■ EXERCISE AIM ■
All entries should be copied exactly; the pictures stay out.

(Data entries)
# # # # #

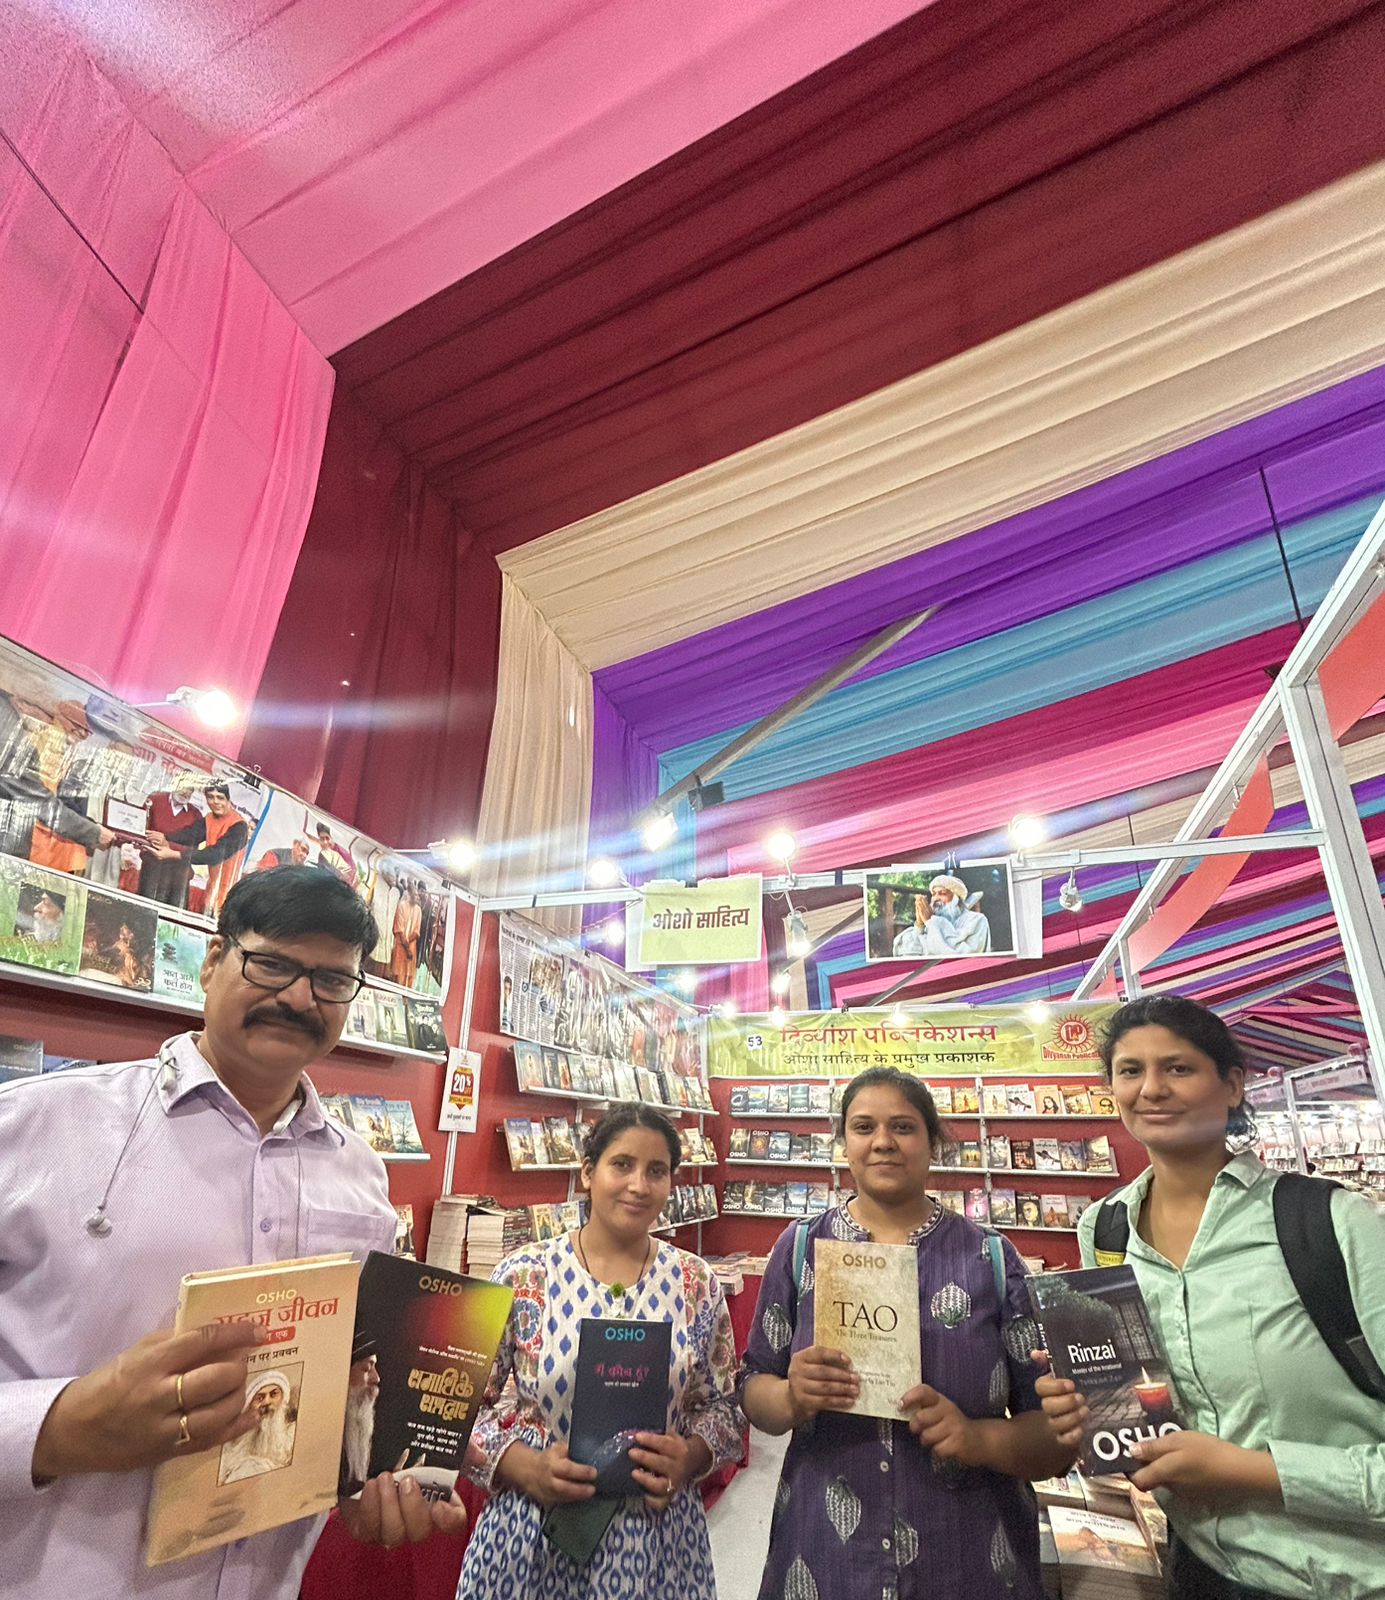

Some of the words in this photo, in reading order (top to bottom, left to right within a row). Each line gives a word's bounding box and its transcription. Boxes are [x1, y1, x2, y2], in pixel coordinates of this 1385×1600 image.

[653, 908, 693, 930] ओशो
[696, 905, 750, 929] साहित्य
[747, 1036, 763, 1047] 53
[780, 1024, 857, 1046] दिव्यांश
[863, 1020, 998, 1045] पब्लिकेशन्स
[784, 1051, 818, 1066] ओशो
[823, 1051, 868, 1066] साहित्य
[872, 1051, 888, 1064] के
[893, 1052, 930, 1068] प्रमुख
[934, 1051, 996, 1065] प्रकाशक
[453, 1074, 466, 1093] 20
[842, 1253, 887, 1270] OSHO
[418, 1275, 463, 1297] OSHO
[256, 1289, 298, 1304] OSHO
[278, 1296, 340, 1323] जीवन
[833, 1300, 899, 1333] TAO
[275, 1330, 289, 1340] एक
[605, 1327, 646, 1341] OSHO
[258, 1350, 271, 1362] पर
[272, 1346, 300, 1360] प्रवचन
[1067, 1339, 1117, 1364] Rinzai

# # # # #

■ EXERCISE SOLUTION ■
Some of the words in this photo, in reading order (top to bottom, left to right within a row). Each line gives a word's bounding box and its transcription. Boxes are [x1, y1, x2, y2], in pixel coordinates of this 1385×1600 image.

[653, 908, 693, 930] ओशो
[696, 905, 750, 929] साहित्य
[747, 1036, 763, 1047] 53
[780, 1024, 857, 1046] दिव्यांश
[863, 1020, 998, 1045] पब्लिकेशन्स
[784, 1051, 818, 1066] ओशो
[823, 1051, 868, 1066] साहित्य
[872, 1051, 888, 1064] के
[893, 1052, 930, 1068] प्रमुख
[934, 1051, 996, 1065] प्रकाशक
[453, 1074, 466, 1093] 20
[842, 1253, 887, 1270] OSHO
[418, 1275, 463, 1297] OSHO
[256, 1289, 298, 1304] OSHO
[278, 1296, 340, 1323] जीवन
[833, 1300, 899, 1333] TAO
[275, 1330, 289, 1340] एक
[605, 1327, 646, 1341] OSHO
[258, 1350, 271, 1362] पर
[272, 1346, 300, 1360] प्रवचन
[1067, 1339, 1117, 1364] Rinzai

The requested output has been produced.